In my childhood household, imagination was a valued trait. Perhaps that is why I don't find it difficult to accept author Luci Shaw's idea, as discussed in her chapter, "Celebrating Imagination," that it can be a holy and edifying pursuit to use our God-given mental faculties to "create or fantasize or
invent that which has never before had reality; in other words, to originate new realities, at least in our minds" (Shaw, p. 66, emphasis in the original). In fact, as Christians we should cultivate our ability to see
"through,
beyond, the flat window glass of dailiness, with its dust and fingerprints and
uneven reflections, to the three-dimensional landscape on the outside, with its movement
and light and shadow, its color and contour and texture, its nearness and distance, its
changes of weather and season. We must see
through surface experience and phenomena
to their true reality and significance." (p. 69, emphasis in the original)
This "seeing through" certainly applies to our interaction with Scripture. In fact, the use of imagination is woven through Scripture itself. Consider the passage from 1 Corinthians where none other than the Apostle Paul himself employs lively metaphor to underscore the importance of every member of Christ's body: "If the whole body were an eye, where would the sense of hearing be? And if the whole body were an ear, where would the sense of smell be?" (1 Cor. 12:17)
If I use my own imagination to build a mental picture of his words, I feel achuckle rising to greet the inner vision: a great, glistening eye, veined and lidless, rolling around, getting dust on its delicate cornea--seeing, yes, but for what benefit? And upside-down, at that. Or a huge ear, curled like a seashell, but empty at the center, with no brain to funnel sounds to. Surely this drives home, like no purely factual statement could, the necessity of the church's functioning as a whole, working for the common good rather than going it alone.

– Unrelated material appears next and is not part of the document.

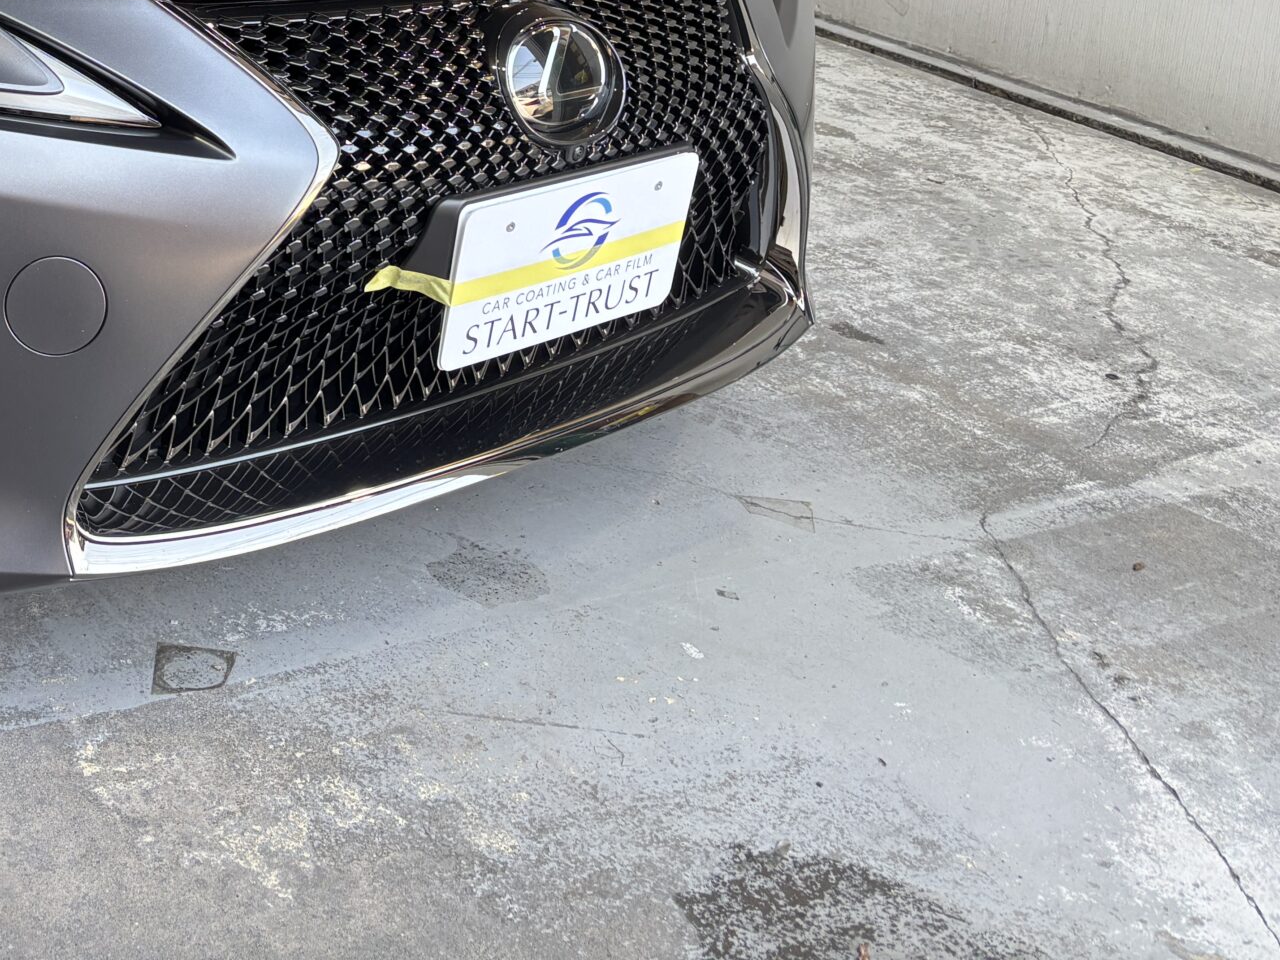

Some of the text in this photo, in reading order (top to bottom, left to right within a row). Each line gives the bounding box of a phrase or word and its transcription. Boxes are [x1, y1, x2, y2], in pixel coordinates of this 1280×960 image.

[462, 269, 659, 355] START-TRUST
[481, 253, 653, 315] CAR COATING & CAR FILM

For years my mother has spellbound Sunday school classes of children and adults alike with her invitations to enter the stories of the Bible with all the senses of our imagination. She would urge her listeners to stop and savor the sights, sounds, smells, and textures that the participants in the Biblical narrative must have experienced so long ago. "Imagine," she would say, "the miles you've walked to hear this preacher Jesus. Your feet ache, but the crowd in the house is standing room only. Feel the scratchy wall at your back, the press of bodies on all sides. Hear the breathing of your all-too-close neighbors underlying the hush in the room as each person strains to catch the Rabbi's every word. You crane your neck, listening intently. Then you hear something else, a sort of digging, scratching noise from above. Is that dust drifting down in the stuffy air and landing on Jesus head? Somebody sneezes. . ." (cf Luke 5:17-26)
I believe imagination builds faith as it helps us more fully experience God's truth. Shaw writes, "If our imaginations are broadened enough, something that seems unbelievable to us can seem possible; and we can come to our prayers expectantly" (p. 71). After all, anything
is possible with our creative, imagining-into-being God. Our job is to believe it.